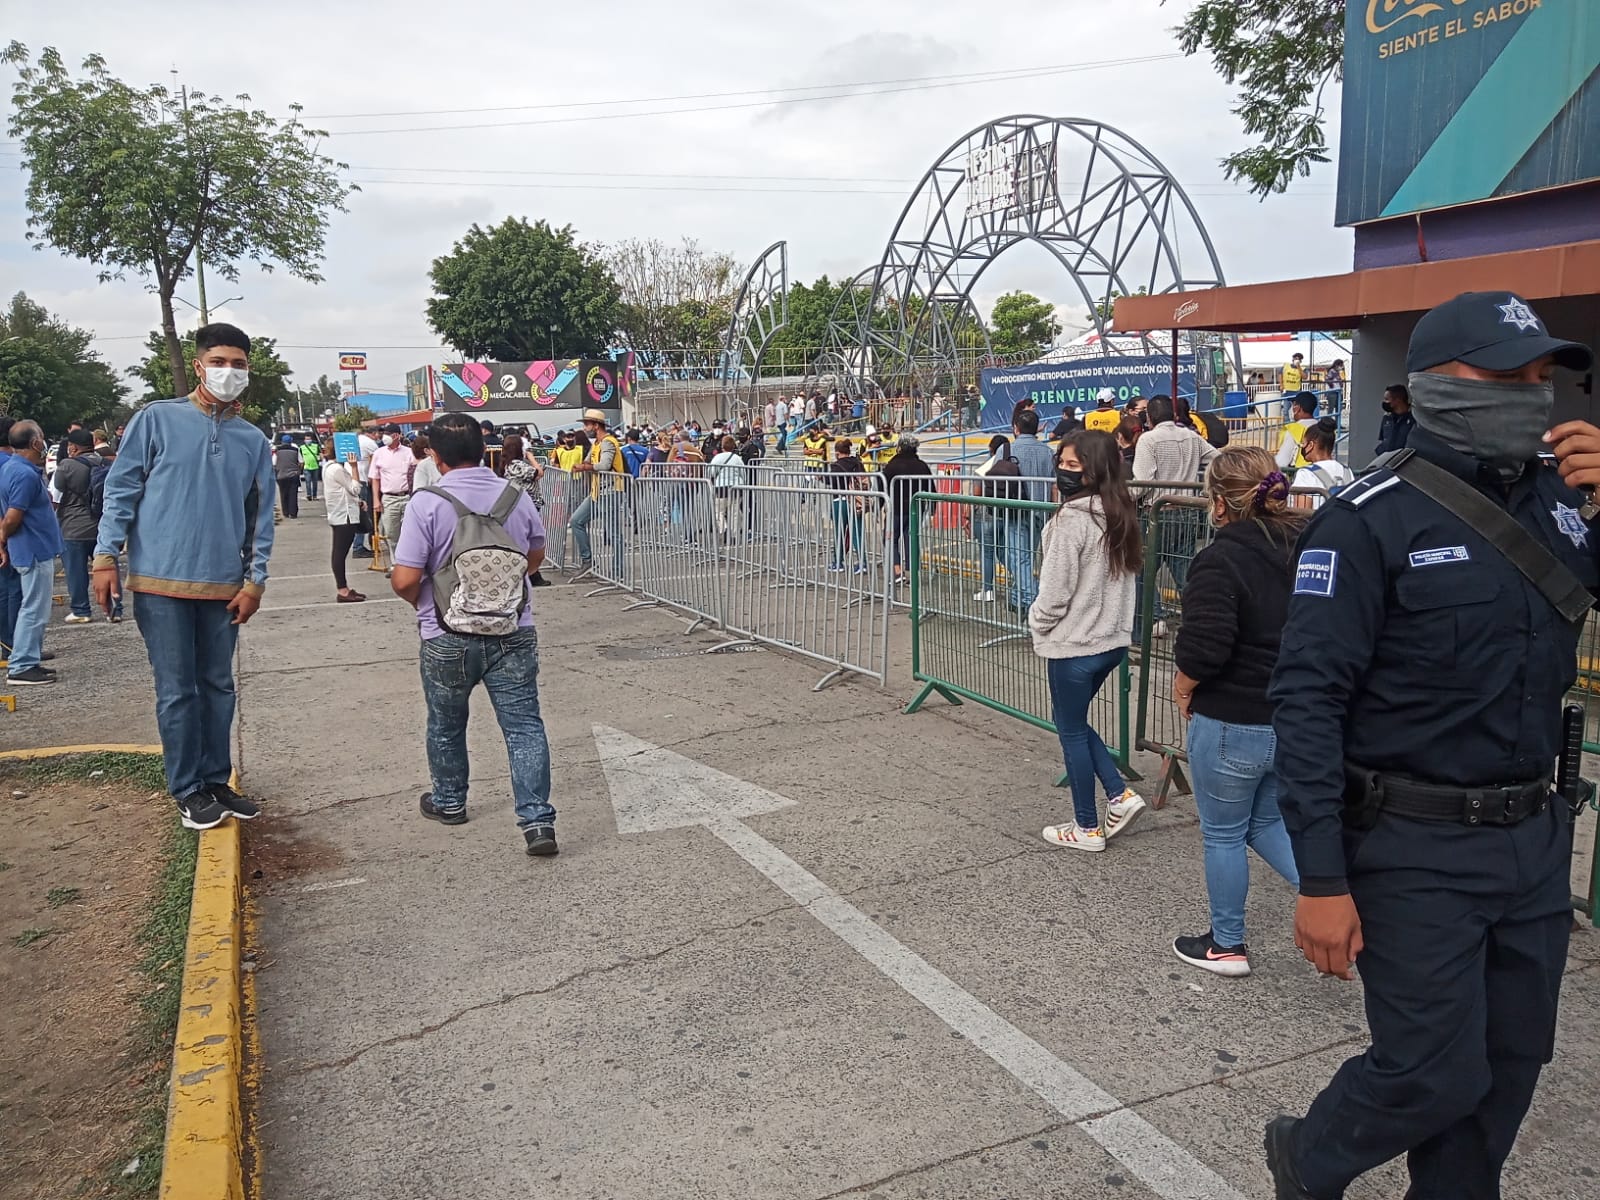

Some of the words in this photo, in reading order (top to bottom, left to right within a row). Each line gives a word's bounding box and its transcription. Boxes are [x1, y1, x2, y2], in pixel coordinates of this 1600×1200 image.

[1378, 26, 1440, 59] SIENTE
[1445, 18, 1467, 40] EL
[1473, 0, 1542, 29] SABOR
[992, 373, 1036, 385] MACROCENTRO
[1036, 367, 1092, 381] METROPOLITANO
[1093, 367, 1102, 376] DE
[1103, 362, 1155, 376] VACUNACIÓN
[490, 391, 531, 400] MEGACABLE
[1031, 386, 1141, 404] BIENVENOS
━━━━━━
The result should be an exact retyped version of all the entries above, containing no pictures.

#### Answer to the problem
Some of the words in this photo, in reading order (top to bottom, left to right within a row). Each line gives a word's bounding box and its transcription. Boxes are [x1, y1, x2, y2], in pixel coordinates of this 1600×1200 image.

[1378, 26, 1440, 59] SIENTE
[1445, 18, 1467, 40] EL
[1473, 0, 1542, 29] SABOR
[992, 373, 1036, 385] MACROCENTRO
[1036, 367, 1092, 381] METROPOLITANO
[1093, 367, 1102, 376] DE
[1103, 362, 1155, 376] VACUNACIÓN
[490, 391, 531, 400] MEGACABLE
[1031, 386, 1141, 404] BIENVENOS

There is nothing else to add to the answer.